> [DATA FOR REVIEW]
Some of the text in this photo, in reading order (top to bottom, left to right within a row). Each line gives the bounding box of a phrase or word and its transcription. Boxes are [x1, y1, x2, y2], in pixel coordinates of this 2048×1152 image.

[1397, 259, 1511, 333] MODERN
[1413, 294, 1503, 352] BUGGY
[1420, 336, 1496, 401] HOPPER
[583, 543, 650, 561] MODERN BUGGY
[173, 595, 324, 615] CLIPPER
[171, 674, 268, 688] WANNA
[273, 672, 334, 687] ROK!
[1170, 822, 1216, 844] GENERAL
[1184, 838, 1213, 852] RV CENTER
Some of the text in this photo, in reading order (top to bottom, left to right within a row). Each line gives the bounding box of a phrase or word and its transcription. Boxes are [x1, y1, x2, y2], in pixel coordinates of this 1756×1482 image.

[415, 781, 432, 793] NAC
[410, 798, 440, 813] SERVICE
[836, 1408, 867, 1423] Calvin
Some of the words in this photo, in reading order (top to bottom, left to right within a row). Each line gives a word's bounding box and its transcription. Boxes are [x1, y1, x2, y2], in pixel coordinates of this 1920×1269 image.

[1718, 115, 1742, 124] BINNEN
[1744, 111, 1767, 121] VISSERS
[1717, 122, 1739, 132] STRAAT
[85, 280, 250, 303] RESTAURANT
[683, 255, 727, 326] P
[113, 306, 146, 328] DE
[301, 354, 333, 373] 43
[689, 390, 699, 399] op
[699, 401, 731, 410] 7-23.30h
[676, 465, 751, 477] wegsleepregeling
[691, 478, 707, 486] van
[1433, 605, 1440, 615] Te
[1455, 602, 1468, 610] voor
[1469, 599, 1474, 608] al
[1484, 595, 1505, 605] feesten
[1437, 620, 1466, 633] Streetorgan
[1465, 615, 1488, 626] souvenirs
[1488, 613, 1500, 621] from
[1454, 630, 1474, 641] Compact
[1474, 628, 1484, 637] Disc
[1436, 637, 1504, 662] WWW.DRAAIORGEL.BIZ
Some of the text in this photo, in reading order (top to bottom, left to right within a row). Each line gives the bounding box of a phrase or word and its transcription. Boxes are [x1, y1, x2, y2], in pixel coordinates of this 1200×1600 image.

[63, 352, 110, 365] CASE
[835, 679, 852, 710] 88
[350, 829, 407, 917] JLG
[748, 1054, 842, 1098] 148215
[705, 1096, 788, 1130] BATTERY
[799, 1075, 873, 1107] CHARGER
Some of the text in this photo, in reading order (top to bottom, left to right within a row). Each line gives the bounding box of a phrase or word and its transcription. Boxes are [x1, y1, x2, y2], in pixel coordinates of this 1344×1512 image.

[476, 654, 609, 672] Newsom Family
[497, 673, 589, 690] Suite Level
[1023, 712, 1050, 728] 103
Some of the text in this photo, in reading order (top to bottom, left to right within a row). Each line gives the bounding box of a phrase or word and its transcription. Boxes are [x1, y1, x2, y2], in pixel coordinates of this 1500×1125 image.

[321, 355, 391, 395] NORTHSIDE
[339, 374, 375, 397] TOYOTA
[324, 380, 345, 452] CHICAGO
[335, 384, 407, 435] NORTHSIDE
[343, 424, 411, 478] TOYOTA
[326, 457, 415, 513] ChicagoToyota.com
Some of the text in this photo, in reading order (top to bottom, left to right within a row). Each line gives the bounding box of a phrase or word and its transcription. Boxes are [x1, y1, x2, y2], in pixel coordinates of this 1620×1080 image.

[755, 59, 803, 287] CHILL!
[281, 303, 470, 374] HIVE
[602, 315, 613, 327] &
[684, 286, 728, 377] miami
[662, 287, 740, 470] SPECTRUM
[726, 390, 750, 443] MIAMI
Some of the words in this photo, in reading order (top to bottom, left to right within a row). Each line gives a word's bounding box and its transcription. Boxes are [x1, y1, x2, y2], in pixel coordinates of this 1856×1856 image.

> [TASK ITEM]
Every line above has to be restated word for word.

> [RESULT OF THIS EXERCISE]
Some of the text in this photo, in reading order (top to bottom, left to right within a row). Each line gives the bounding box of a phrase or word and its transcription. Boxes are [x1, y1, x2, y2], in pixel coordinates of this 2048×1152 image.

[1397, 259, 1511, 333] MODERN
[1413, 294, 1503, 352] BUGGY
[1420, 336, 1496, 401] HOPPER
[583, 543, 650, 561] MODERN BUGGY
[173, 595, 324, 615] CLIPPER
[171, 674, 268, 688] WANNA
[273, 672, 334, 687] ROK!
[1170, 822, 1216, 844] GENERAL
[1184, 838, 1213, 852] RV CENTER
Some of the text in this photo, in reading order (top to bottom, left to right within a row). Each line gives the bounding box of a phrase or word and its transcription. Boxes are [x1, y1, x2, y2], in pixel coordinates of this 1756×1482 image.

[415, 781, 432, 793] NAC
[410, 798, 440, 813] SERVICE
[836, 1408, 867, 1423] Calvin
Some of the words in this photo, in reading order (top to bottom, left to right within a row). Each line gives a word's bounding box and its transcription. Boxes are [x1, y1, x2, y2], in pixel coordinates of this 1920×1269 image.

[1718, 115, 1742, 124] BINNEN
[1744, 111, 1767, 121] VISSERS
[1717, 122, 1739, 132] STRAAT
[85, 280, 250, 303] RESTAURANT
[683, 255, 727, 326] P
[113, 306, 146, 328] DE
[301, 354, 333, 373] 43
[689, 390, 699, 399] op
[699, 401, 731, 410] 7-23.30h
[676, 465, 751, 477] wegsleepregeling
[691, 478, 707, 486] van
[1433, 605, 1440, 615] Te
[1455, 602, 1468, 610] voor
[1469, 599, 1474, 608] al
[1484, 595, 1505, 605] feesten
[1437, 620, 1466, 633] Streetorgan
[1465, 615, 1488, 626] souvenirs
[1488, 613, 1500, 621] from
[1454, 630, 1474, 641] Compact
[1474, 628, 1484, 637] Disc
[1436, 637, 1504, 662] WWW.DRAAIORGEL.BIZ
Some of the text in this photo, in reading order (top to bottom, left to right within a row). Each line gives the bounding box of a phrase or word and its transcription. Boxes are [x1, y1, x2, y2], in pixel coordinates of this 1200×1600 image.

[63, 352, 110, 365] CASE
[835, 679, 852, 710] 88
[350, 829, 407, 917] JLG
[748, 1054, 842, 1098] 148215
[705, 1096, 788, 1130] BATTERY
[799, 1075, 873, 1107] CHARGER
Some of the text in this photo, in reading order (top to bottom, left to right within a row). Each line gives the bounding box of a phrase or word and its transcription. Boxes are [x1, y1, x2, y2], in pixel coordinates of this 1344×1512 image.

[476, 654, 609, 672] Newsom Family
[497, 673, 589, 690] Suite Level
[1023, 712, 1050, 728] 103
Some of the text in this photo, in reading order (top to bottom, left to right within a row). Each line gives the bounding box of a phrase or word and its transcription. Boxes are [x1, y1, x2, y2], in pixel coordinates of this 1500×1125 image.

[321, 355, 391, 395] NORTHSIDE
[339, 374, 375, 397] TOYOTA
[324, 380, 345, 452] CHICAGO
[335, 384, 407, 435] NORTHSIDE
[343, 424, 411, 478] TOYOTA
[326, 457, 415, 513] ChicagoToyota.com
Some of the text in this photo, in reading order (top to bottom, left to right within a row). Each line gives the bounding box of a phrase or word and its transcription. Boxes are [x1, y1, x2, y2], in pixel coordinates of this 1620×1080 image.

[755, 59, 803, 287] CHILL!
[281, 303, 470, 374] HIVE
[602, 315, 613, 327] &
[684, 286, 728, 377] miami
[662, 287, 740, 470] SPECTRUM
[726, 390, 750, 443] MIAMI
Some of the words in this photo, in reading order (top to bottom, left to right within a row). Each line gives a word's bounding box and its transcription. Boxes are [x1, y1, x2, y2], in pixel coordinates of this 1856×1856 image.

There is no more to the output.